Many methods are available for detecting unusual disease patterns in syndromic data [Reference Mandl7, Reference Burkom, Lombardo and Buckeridge10]. Spatial-temporal methods have been used to identify aberrations in disease frequency from an expected baseline [Reference Carpenter11]. Kuldorff et al. [Reference Kulldorff12] developed a space–time permutation scan statistic that uses case counts from one data stream to identify disease clusters without requiring information about the underlying population at risk. Without denominator data, this method relies on historical data from normal time periods to serve as the control. Therefore the space–time permutation scan statistic is well suited to surveillance contexts where the catchment area is undefined, the population at risk is unknown, and the volume of data is large [Reference Kulldorff12, Reference Robertson13]. These are characteristics of veterinary practice surveillance. Kuldorff's space–time permutation scan statistic has been applied in human [Reference Heffernan14–Reference Greene16] and veterinary [Reference Recuenco17, Reference Van den Wijngaard18] surveillance systems. Maciejewski et al. [Reference Maciejewski19] used the electronic medical record and syndromic definitions to detect a change in time and spatial patterns of eye inflammation in cats and gastrointestinal syndrome in dogs following a release of propyl mercaptan from a waste-processing facility in Fairburn, Georgia, USA.

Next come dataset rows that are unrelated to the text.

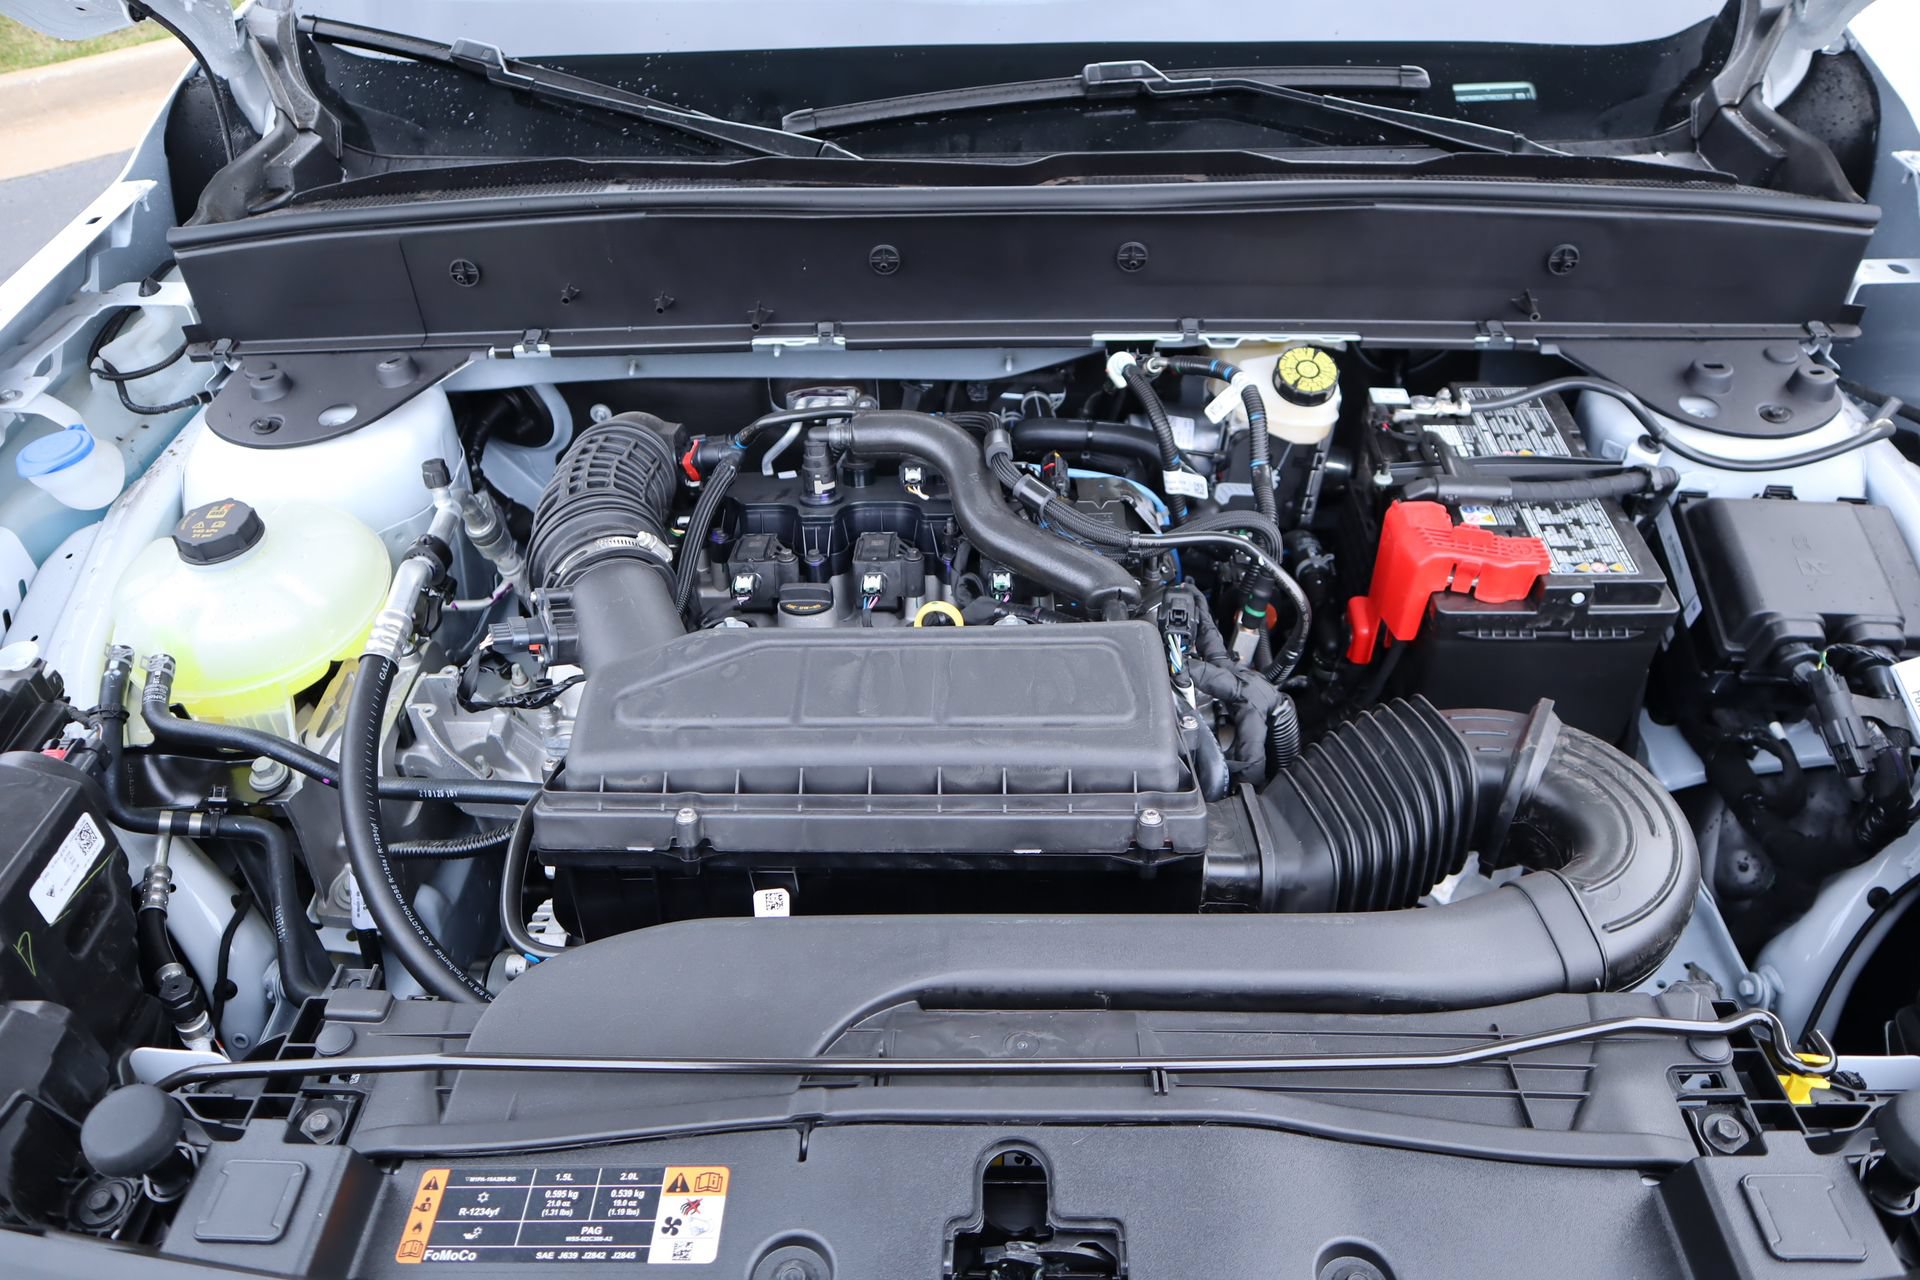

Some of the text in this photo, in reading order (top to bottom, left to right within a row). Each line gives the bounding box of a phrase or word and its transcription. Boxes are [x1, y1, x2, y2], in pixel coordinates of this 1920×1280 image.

[370, 822, 384, 854] R-1234yf
[382, 860, 395, 884] R-134a
[391, 884, 405, 905] HOSE
[402, 905, 425, 935] SUCTION
[422, 935, 435, 947] A/C
[434, 948, 468, 982] Flexbarrier
[555, 1173, 573, 1181] 1.5L
[619, 1172, 639, 1181] 2.0L
[544, 1190, 579, 1200] 0.595 kg
[610, 1189, 645, 1200] 0.539 kg
[458, 1207, 500, 1217] R-1234yf
[541, 1208, 573, 1217] (1.31 lbs)
[607, 1208, 640, 1217] (1.19 lbs)
[580, 1226, 603, 1235] PAG
[423, 1249, 477, 1261] FoMoCo
[535, 1251, 554, 1259] SAE
[557, 1251, 579, 1259] J639

The objective of space–time scan analysis of surveillance data is to detect unusual aggregations (clusters) of disease occurrences and to identify the location, size and duration of the aggregation. Suspected clusters must to be further investigated to determine whether they represent actionable signals originating from true changes in of patterns of disease in the population. In veterinary medicine this may be accomplished using protocols that are similar to the frameworks described for outbreak investigations [Reference Pavlin20, Reference Hurt-Mullen and Coberly21]. In this approach, additional data are sought for the post-hoc descriptive epidemiological characterization of detected clusters. Characterization often includes a description of the location and dates of the clusters, a description of the animals involved (species, age, sex), their clinical histories, clinical findings and aetiological diagnoses [Reference Pavlin20, Reference Hurt-Mullen and Coberly21]. The distribution of cluster characteristics is compared to an expected distribution for the population at risk over the same time and space [Reference Hertz-Picciotto, Rothman, Greenland and Lash22]. If the cluster is determined to be unexpected or unusual, then a hypothesis can be formulated as to its cause. However, once a signal has been detected in the data, there must be enough information available with which to make a decision in regards to a response [Reference Wagner23].

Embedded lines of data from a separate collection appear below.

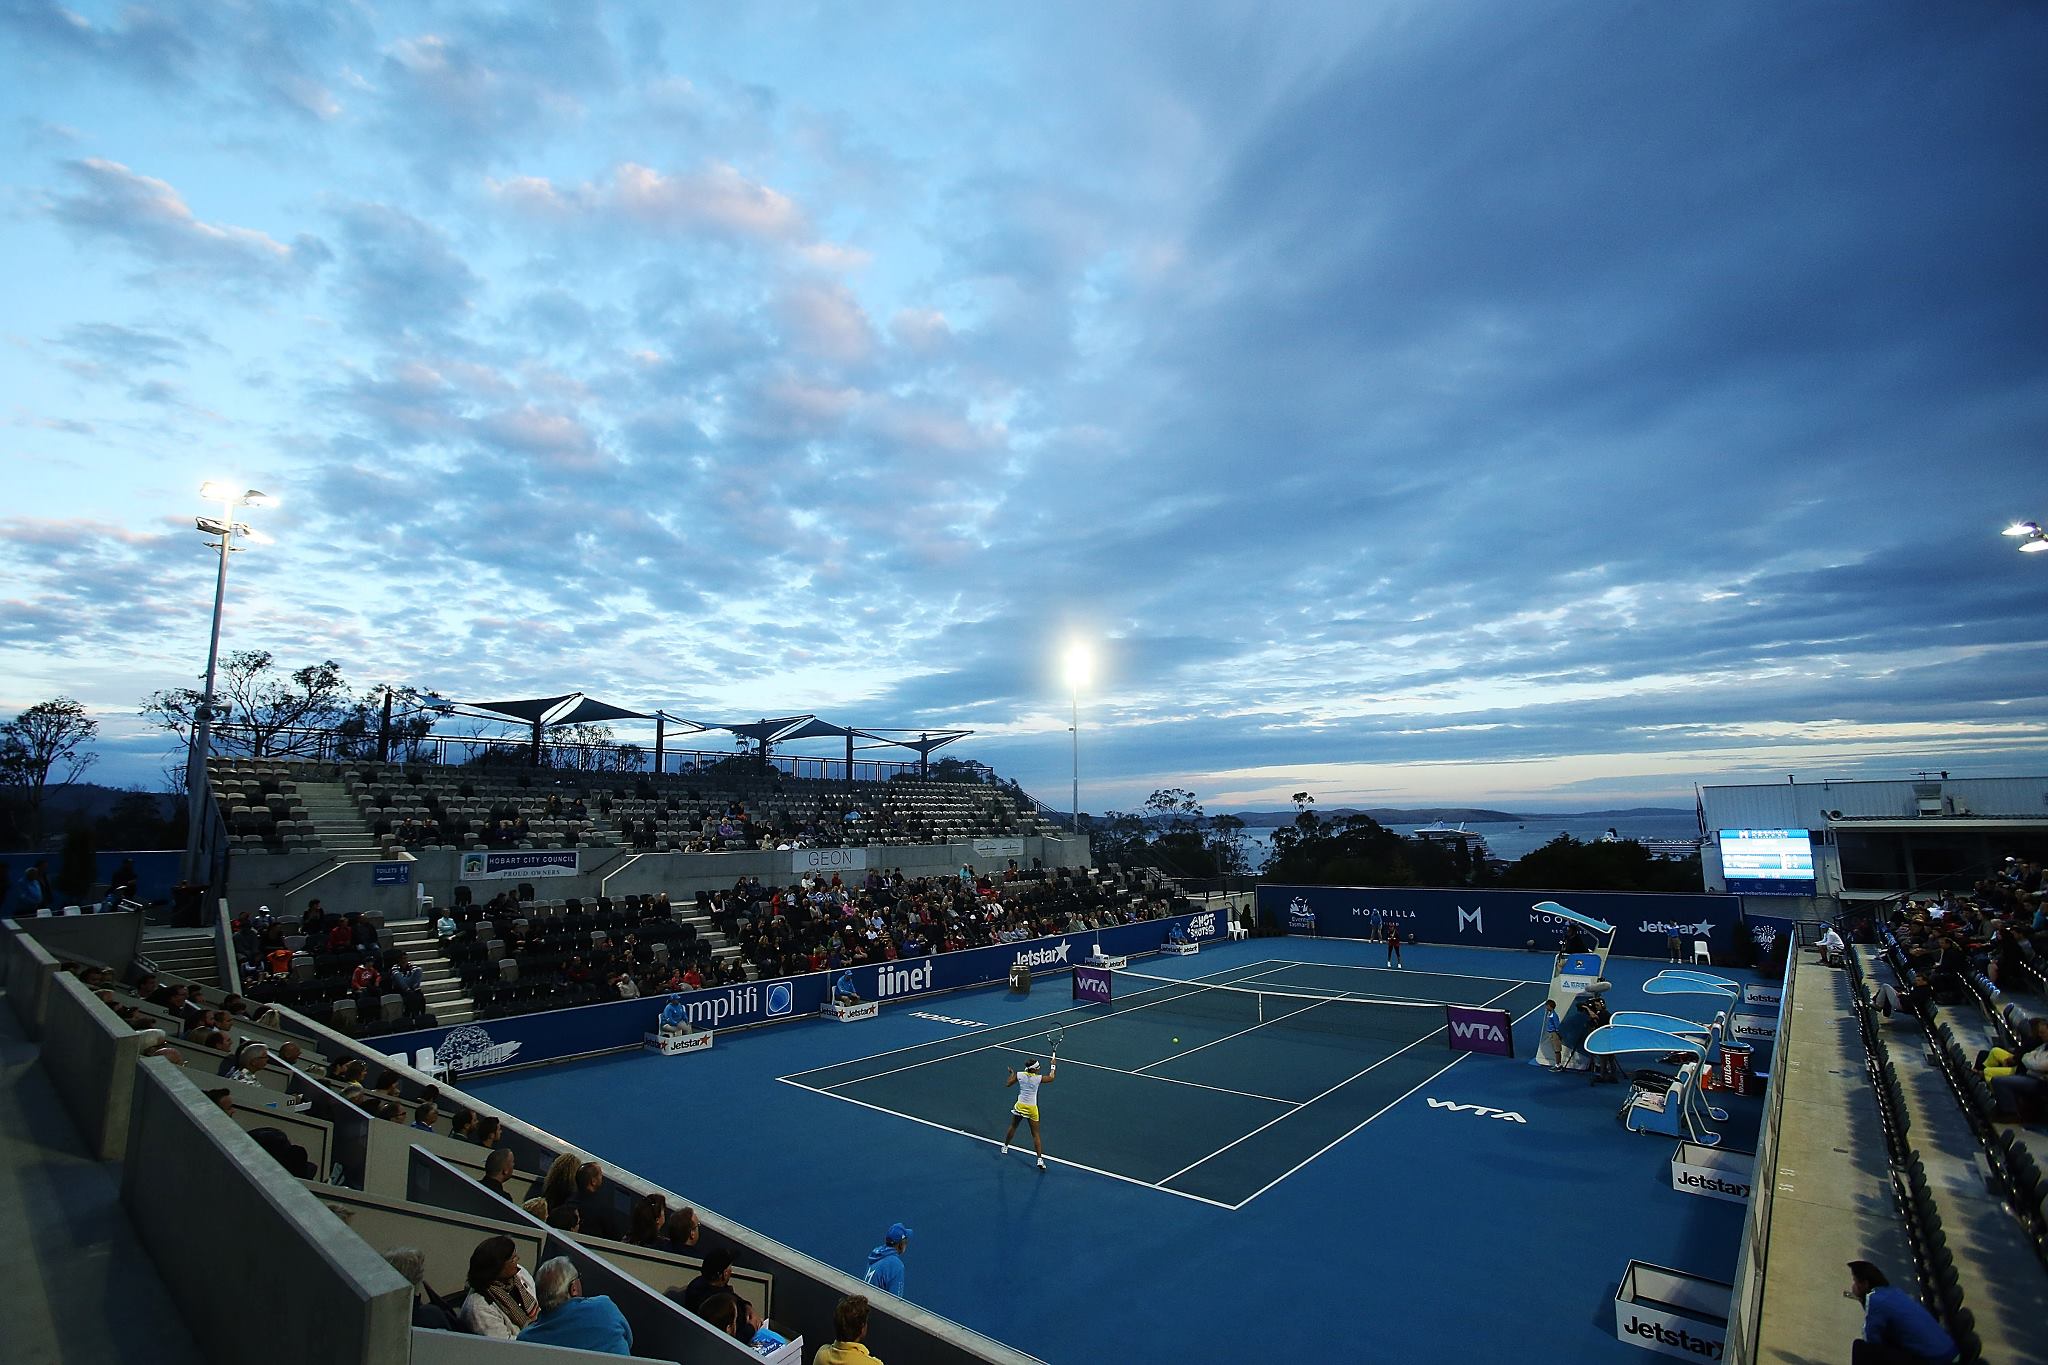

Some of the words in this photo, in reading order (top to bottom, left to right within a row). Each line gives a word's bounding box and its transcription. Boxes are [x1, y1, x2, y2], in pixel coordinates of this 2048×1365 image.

[488, 857, 522, 865] HOBART
[523, 855, 541, 864] CITY
[542, 854, 575, 863] COUNCIL
[808, 850, 852, 866] GEON
[503, 869, 530, 877] PROUD
[530, 868, 561, 877] OWNERS
[1352, 907, 1416, 918] MORILLA
[1456, 905, 1484, 933] M
[1012, 947, 1057, 967] Jetstar
[877, 959, 932, 997] iinet
[1076, 976, 1108, 994] WTA
[1451, 1020, 1505, 1042] WTA
[671, 1038, 701, 1050] Jetstar
[1723, 1053, 1734, 1088] Wilson
[1426, 1097, 1527, 1123] WTA
[1677, 1171, 1744, 1197] Jetstar
[1623, 1316, 1717, 1357] Jetstar

In prospective surveillance with the objective of early warning, the final step is to determine if the cluster is of animal or public health importance and to communicate this information to those who need to know so that an intervention can be undertaken [Reference Pavlin20, Reference Hurt-Mullen and Coberly21]. The objectives of retrospective space–time analysis may include: an epidemiological investigation of a health event, an enhanced understanding of the natural history of the disease, or it may facilitate planning for disease eradication or management [Reference Teutsch, Teutsch and Churchill24].

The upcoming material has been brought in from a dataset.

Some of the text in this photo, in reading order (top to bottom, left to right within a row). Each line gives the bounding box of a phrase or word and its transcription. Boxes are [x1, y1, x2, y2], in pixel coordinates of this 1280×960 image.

In this paper we present a retrospective analysis of companion animal enteric syndrome data collected from electronic medical records extracted from participating veterinary practices. This research had the following objectives:
-
(1) Use time-series analysis to visualize and characterize the trends and patterns of enteric syndrome in companion animals seen in private veterinary practices.
-
(2) Determine if it was possible to identify statistically significant spatial-temporal clusters of enteric syndrome in the study area.
-
(3) Determine if there was sufficient information to infer the potential cause(s) of the cluster.
-
(4) Determine if sufficient information could be accessed in electronic medical records to determine the biological and epidemiological significance of the clusters to human or animal health.
METHODS
Figure 1 provides an overview of the study's methods.
Study population and enteric syndrome data
Electronic medical records were extracted from 12 participating veterinary practices in the city of Calgary, Alberta and the surrounding communities of Cochrane, Airdrie, Chestermere, Strathmore and Okotoks (Fig. 2). The participating practices represented a convenience sample of companion animal practices. Participating practices had completely computerized medical records and used the same veterinary management software for which a customized data extraction program was written to accurately extract data. Records from each practice were aggregated into a single file which contained 428 783 companion animal records for the period 1 January 2007 to 31 December 2010. The file was stored in a secure data warehouse at the University of Calgary [Reference Anholt25]. We used text-mining technology and an enteric syndromic case definition (all animals presenting to the veterinarian with complaints or clinical signs consistent with diarrhoea) to identify and retrieve enteric syndrome positive records from the warehoused medical records [Reference Anholt26]. Enteric syndromes resulting from infectious or parasitic aetiologies most often have an acute presentation which is defined as being ⩽14 days' duration [Reference Triolo, Lappin and Tams27]. Records from individual animals within 14 days of the initial visit were combined to represent one enteric syndrome case. There were 15 928 enteric syndrome cases. Data were stored and managed in Microsoft Office Excel 2007 (Microsoft, USA) and Konstanz Information Miner 2.2.2 (Knime, http://www.knime.org).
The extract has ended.